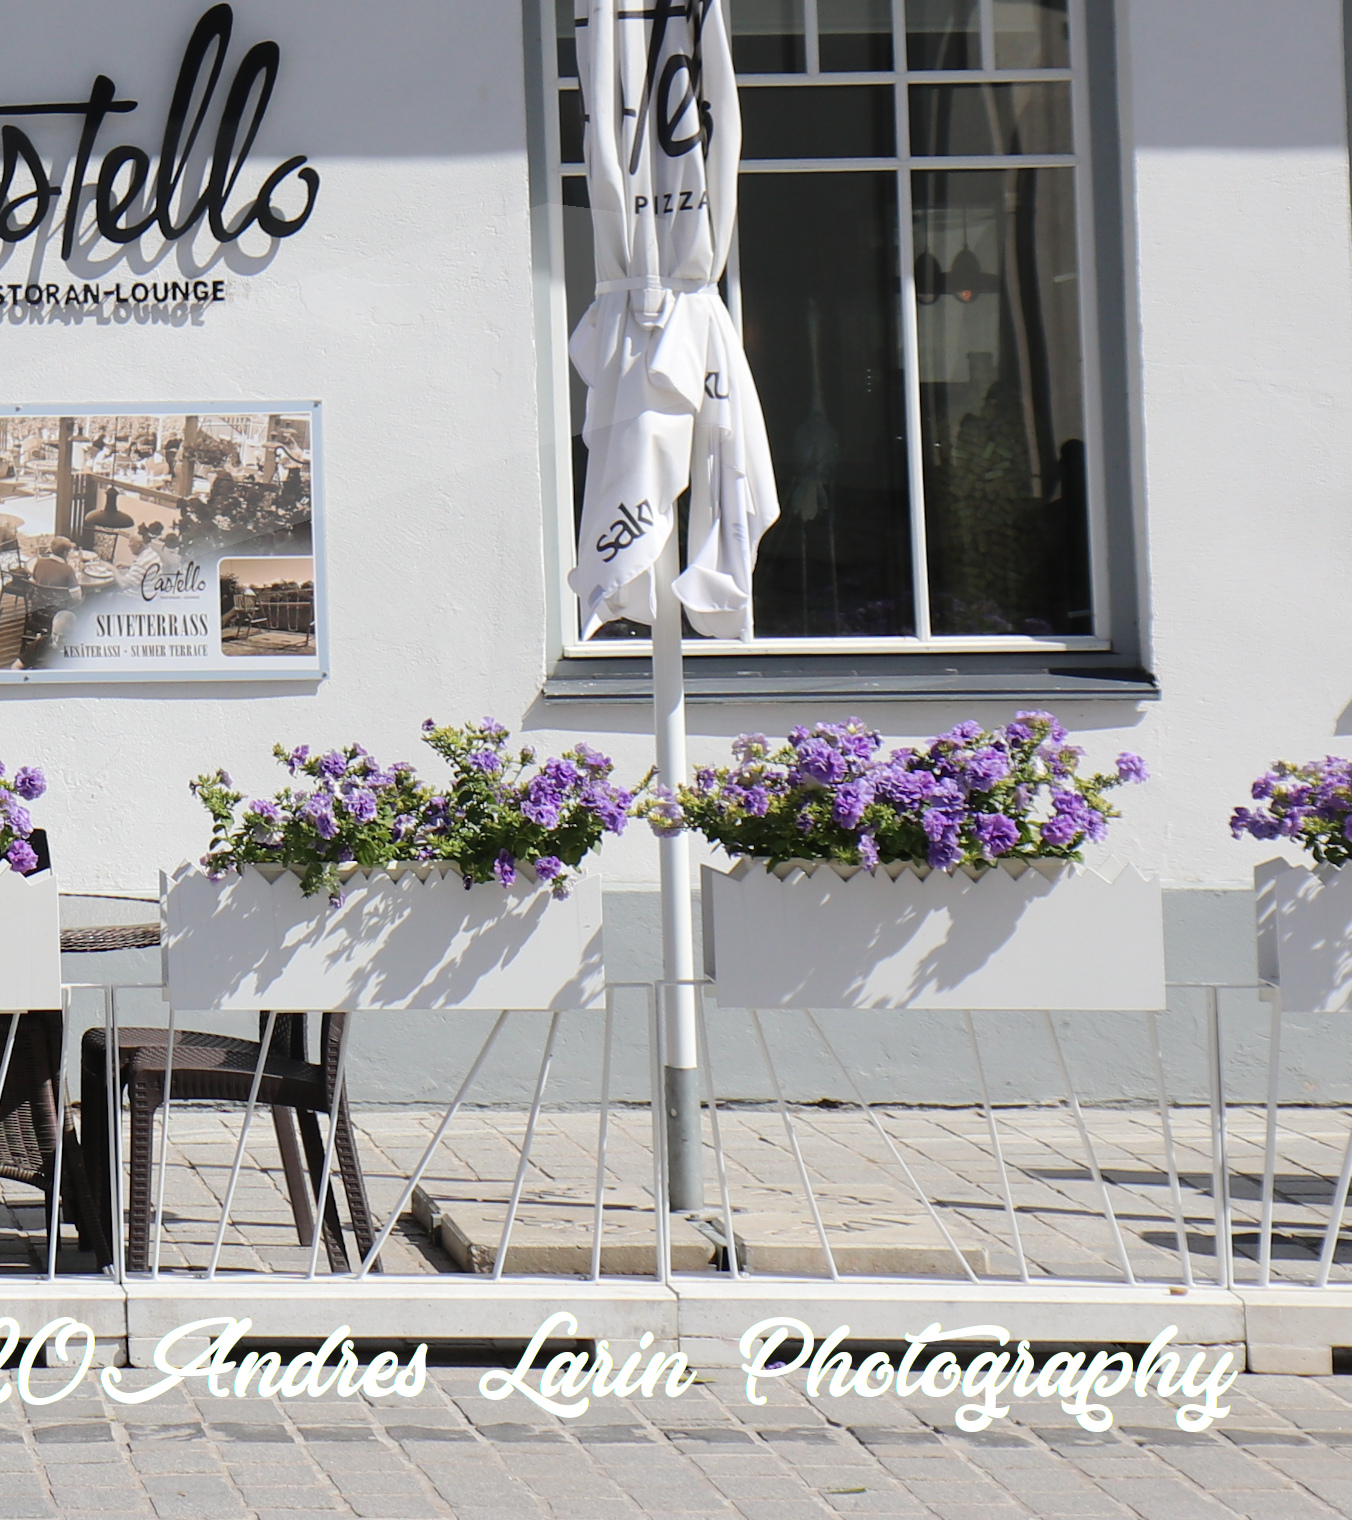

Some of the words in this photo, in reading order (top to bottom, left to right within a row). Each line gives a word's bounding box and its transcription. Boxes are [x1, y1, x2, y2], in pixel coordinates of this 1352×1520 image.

[596, 498, 654, 564] sak
[140, 560, 207, 602] Castello
[95, 613, 209, 638] SUVETERRASS
[63, 643, 121, 658] KESÄTERASSI
[130, 645, 167, 658] SUMMER
[168, 644, 208, 657] TERRACE
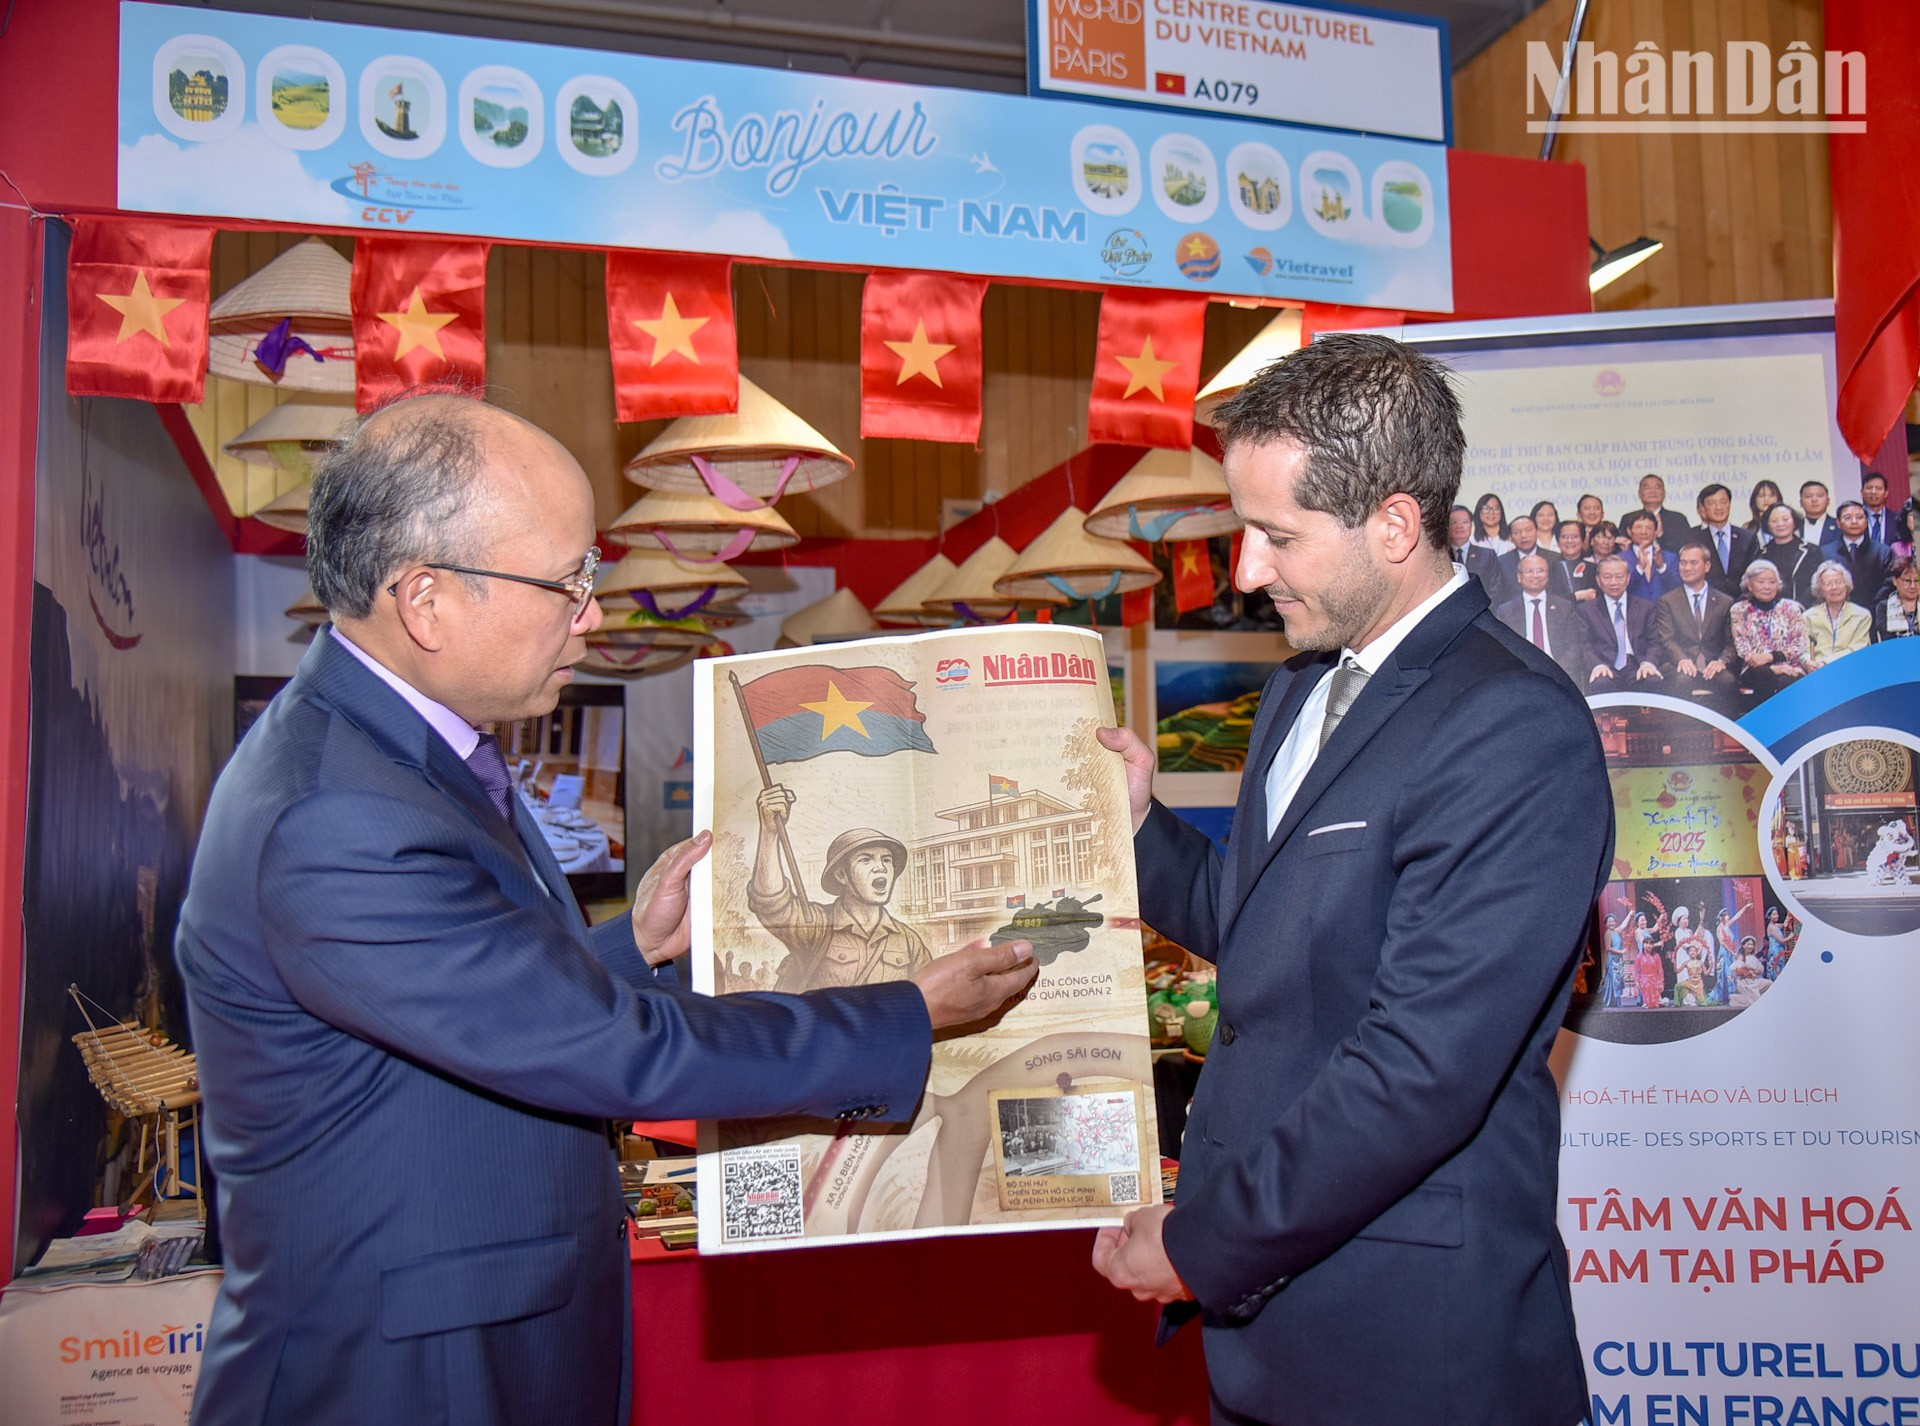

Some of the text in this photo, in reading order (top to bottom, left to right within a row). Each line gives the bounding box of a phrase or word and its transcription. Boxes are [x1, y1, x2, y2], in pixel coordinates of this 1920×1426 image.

[1052, 0, 1142, 24] WORLD
[1155, 0, 1375, 47] CENTRE CULTUREL
[1054, 17, 1083, 46] IN
[1156, 18, 1308, 61] DU VIETNAM
[1054, 44, 1128, 80] PARIS
[1194, 78, 1259, 105] A079
[656, 97, 938, 195] Bonjour
[362, 206, 415, 225] CCV
[817, 183, 1089, 243] VIỆT NAM
[1275, 258, 1353, 278] Vietravel
[1741, 452, 1770, 464] NAM
[983, 653, 1096, 680] Nhân Dân
[1660, 830, 1706, 853] 2025
[1024, 918, 1041, 928] 843
[1091, 972, 1113, 984] CỦA
[1106, 986, 1112, 995] 2
[1568, 1085, 1658, 1105] HOÁ-THỂ
[1662, 1088, 1719, 1104] THAO
[1724, 1086, 1752, 1103] VÀ
[1758, 1087, 1787, 1103] DU
[1794, 1087, 1839, 1107] LỊCH
[1645, 1131, 1684, 1147] DES
[1690, 1131, 1767, 1146] SPORTS
[1774, 1131, 1797, 1146] ET
[1803, 1130, 1832, 1146] DU
[1076, 1186, 1096, 1194] MINH
[1568, 1186, 1913, 1231] TÂM VĂN HOÁ
[1568, 1239, 1885, 1293] AM TẠI PHÁP
[90, 1363, 192, 1381] Agence de voyage
[1592, 1341, 1920, 1378] CULTUREL DU
[1646, 1394, 1709, 1426] EN
[1724, 1394, 1920, 1426] FRANCE
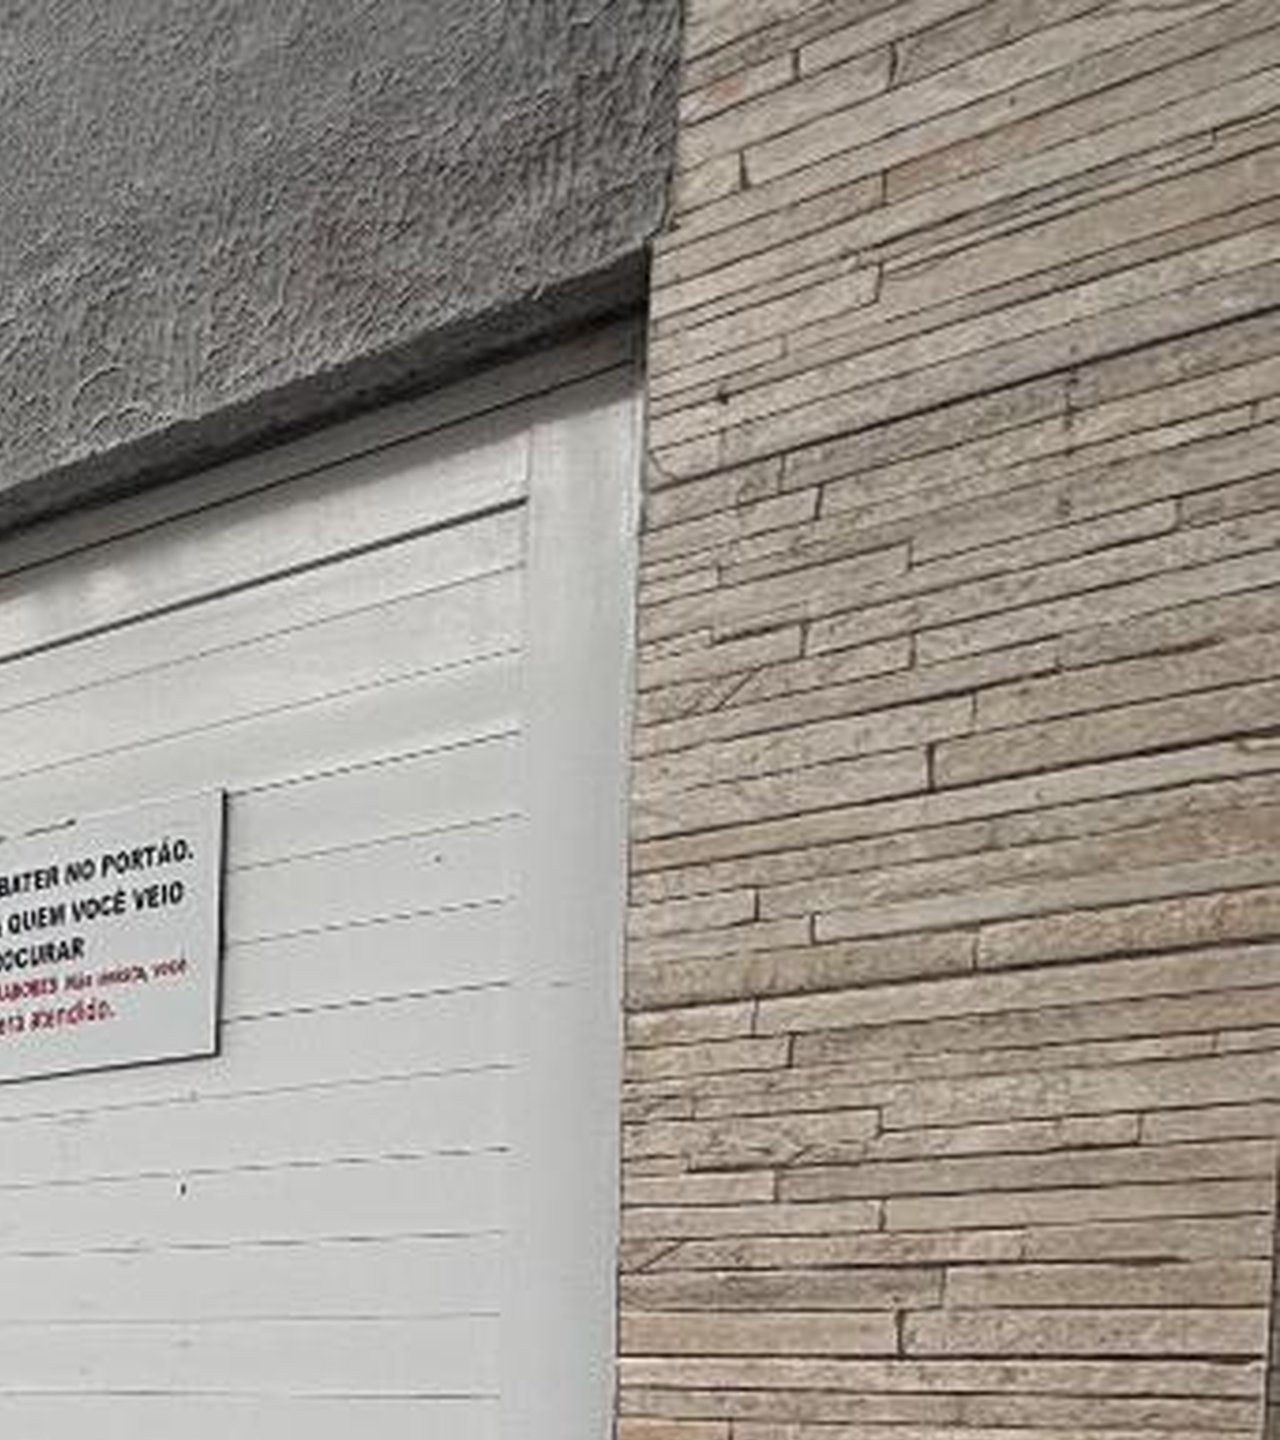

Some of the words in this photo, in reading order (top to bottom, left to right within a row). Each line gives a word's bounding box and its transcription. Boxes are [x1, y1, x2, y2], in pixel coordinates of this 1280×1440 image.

════════════════════

Output each record exactly as it appears, but not the pictures.

Some of the words in this photo, in reading order (top to bottom, left to right within a row). Each line gives a word's bounding box and its transcription. Boxes are [x1, y1, x2, y2], in pixel coordinates of this 1352×1520 image.

[596, 498, 654, 564] sak
[140, 560, 207, 602] Castello
[95, 613, 209, 638] SUVETERRASS
[63, 643, 121, 658] KESÄTERASSI
[130, 645, 167, 658] SUMMER
[168, 644, 208, 657] TERRACE

Some of the text in this photo, in reading order (top to bottom, left to right within a row). Each line gives the bounding box of a phrase or word and its transcription. Boxes are [x1, y1, x2, y2], in pixel coordinates of this 1920×1426 image.

[1052, 0, 1142, 24] WORLD
[1155, 0, 1375, 47] CENTRE CULTUREL
[1054, 17, 1083, 46] IN
[1156, 18, 1308, 61] DU VIETNAM
[1054, 44, 1128, 80] PARIS
[1194, 78, 1259, 105] A079
[656, 97, 938, 195] Bonjour
[362, 206, 415, 225] CCV
[817, 183, 1089, 243] VIỆT NAM
[1275, 258, 1353, 278] Vietravel
[1741, 452, 1770, 464] NAM
[983, 653, 1096, 680] Nhân Dân
[1660, 830, 1706, 853] 2025
[1024, 918, 1041, 928] 843
[1091, 972, 1113, 984] CỦA
[1106, 986, 1112, 995] 2
[1568, 1085, 1658, 1105] HOÁ-THỂ
[1662, 1088, 1719, 1104] THAO
[1724, 1086, 1752, 1103] VÀ
[1758, 1087, 1787, 1103] DU
[1794, 1087, 1839, 1107] LỊCH
[1645, 1131, 1684, 1147] DES
[1690, 1131, 1767, 1146] SPORTS
[1774, 1131, 1797, 1146] ET
[1803, 1130, 1832, 1146] DU
[1076, 1186, 1096, 1194] MINH
[1568, 1186, 1913, 1231] TÂM VĂN HOÁ
[1568, 1239, 1885, 1293] AM TẠI PHÁP
[90, 1363, 192, 1381] Agence de voyage
[1592, 1341, 1920, 1378] CULTUREL DU
[1646, 1394, 1709, 1426] EN
[1724, 1394, 1920, 1426] FRANCE

Some of the words in this photo, in reading order (top to bottom, left to right within a row). Each line gives a word's bounding box and its transcription. Boxes are [x1, y1, x2, y2], in pixel coordinates of this 1280×1440 image.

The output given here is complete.